Personally, I’ve had to supplement my meal plan as a student with meals cooked in my dorm. With a kitchen in my room this year, I felt more ambitious in making meals, but with this came the trouble of having to deal with expiration dates, defrosting, and planning meals. I’ve trashed countless eggs after putting off making a meal with them for too long, my bacon has been waiting in the freezer for its time to shine, and I forgot about the lemons at the bottom of my fridge until they turned black. Using Foundry, I implemented a food inventory app that helps students manage their dorm food inventory, generate recipes, and minimize food waste.

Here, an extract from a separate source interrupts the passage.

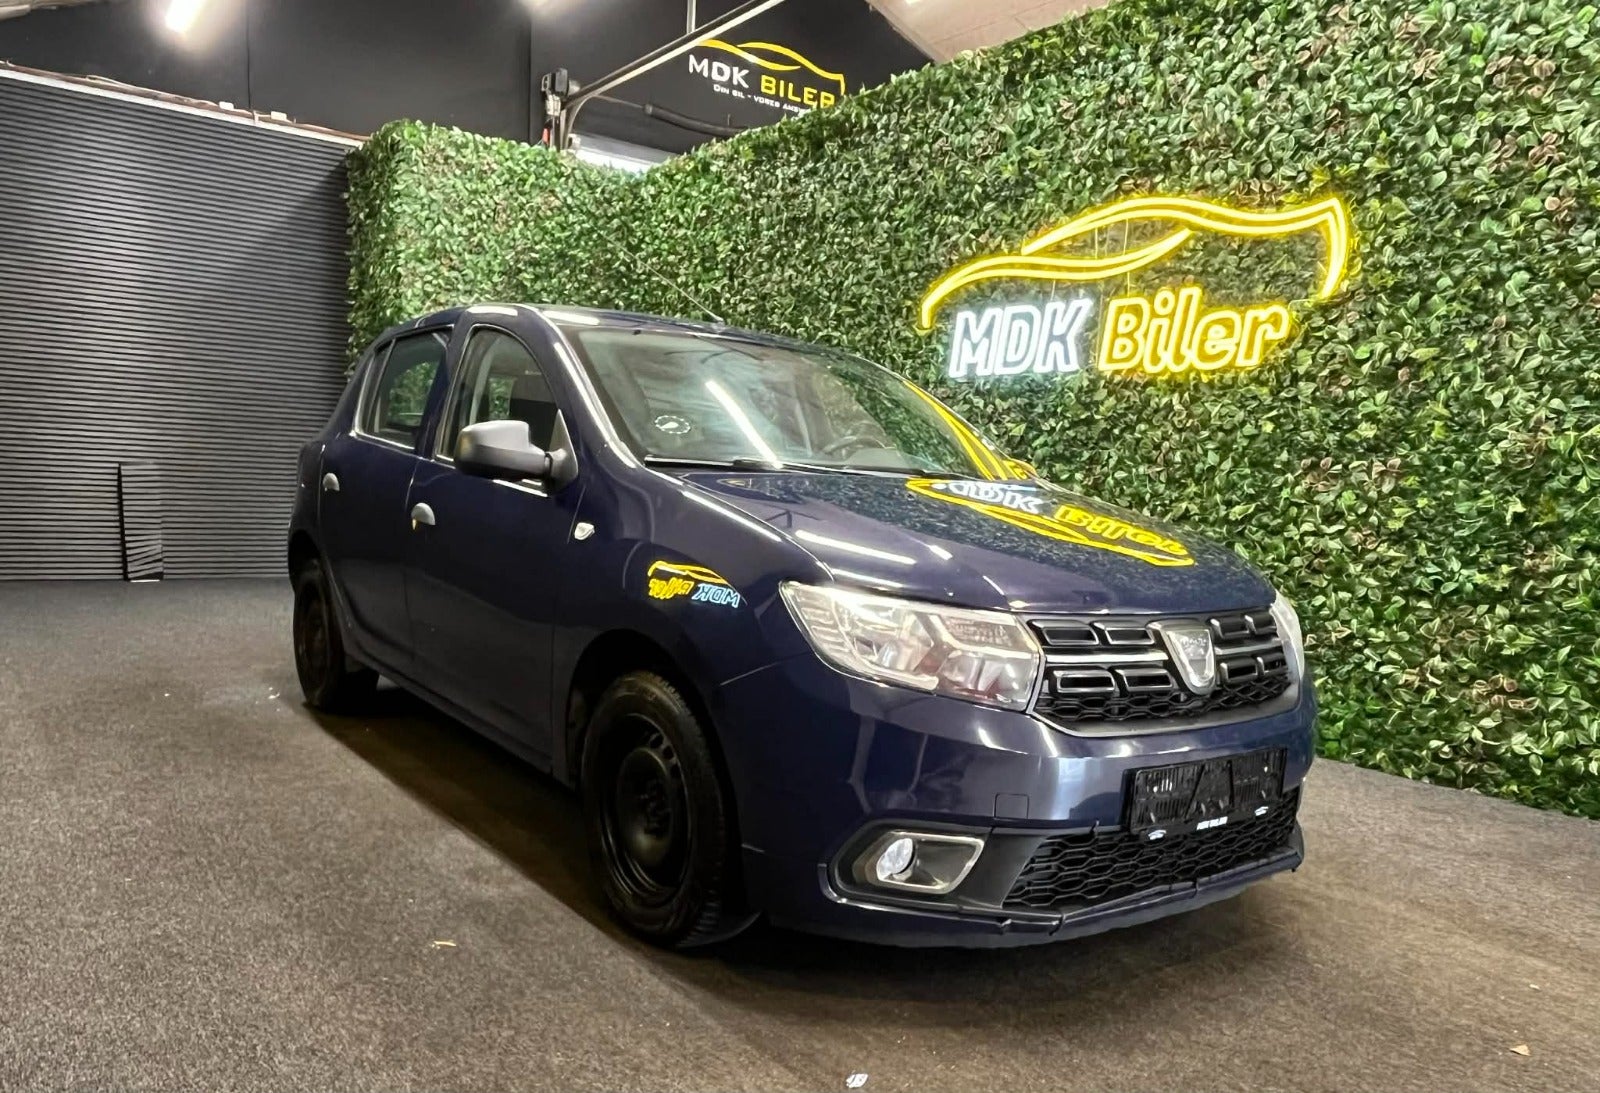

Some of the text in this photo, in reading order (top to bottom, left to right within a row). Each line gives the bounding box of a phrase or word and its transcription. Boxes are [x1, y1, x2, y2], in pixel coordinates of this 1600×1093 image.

This pipeline handles hundreds of food items and tons of metadata in milliseconds. In this post, I’ll walk through the project, the tools I used to accomplish it, and the challenges along the way.

The Problem

As a student, managing food inventory can be challenging:

  • Buying food we already have.
  • Forgetting about perishables until they expire.
  • Struggling to create balanced meals with the ingredients on hand.

I had a few key solutions in mind to solve these challenges:

  • Automatically track purchases via Target receipts.
  • Monitor expiration dates with alerts.
  • Generate AI-powered recipes using ingredients on hand.
  • Reduce waste by prioritizing soon-to-expire items.

As a student at Penn State, I made the vast majority of my purchases at Target, and so I decided to implement my solution with the following:

  • Target API: To fetch receipt data and items by receipt.
  • Python and Pandas: To transform receipt data and create the dataset for import to Foundry.
  • Palantir Foundry: For building the data pipeline, managing ontologies, and creating the app’s interface.
  • Palantir AIP and GPT-4o: To generate recipes based on ingredients present and goals.

Implementation

Data Extraction and Preparation

Initially, I thought of using OCR on receipts to handle grocery data, but this was a complete nightmare. Receipts often didn’t contain sufficient useful info to determine what products were.

However, Target conveniently tracks the history of all in-store orders if you use your number for their rewards service. Logging into Target, we can see a list of purchases made:

Target purchase history page, with a list of items purchased under each date.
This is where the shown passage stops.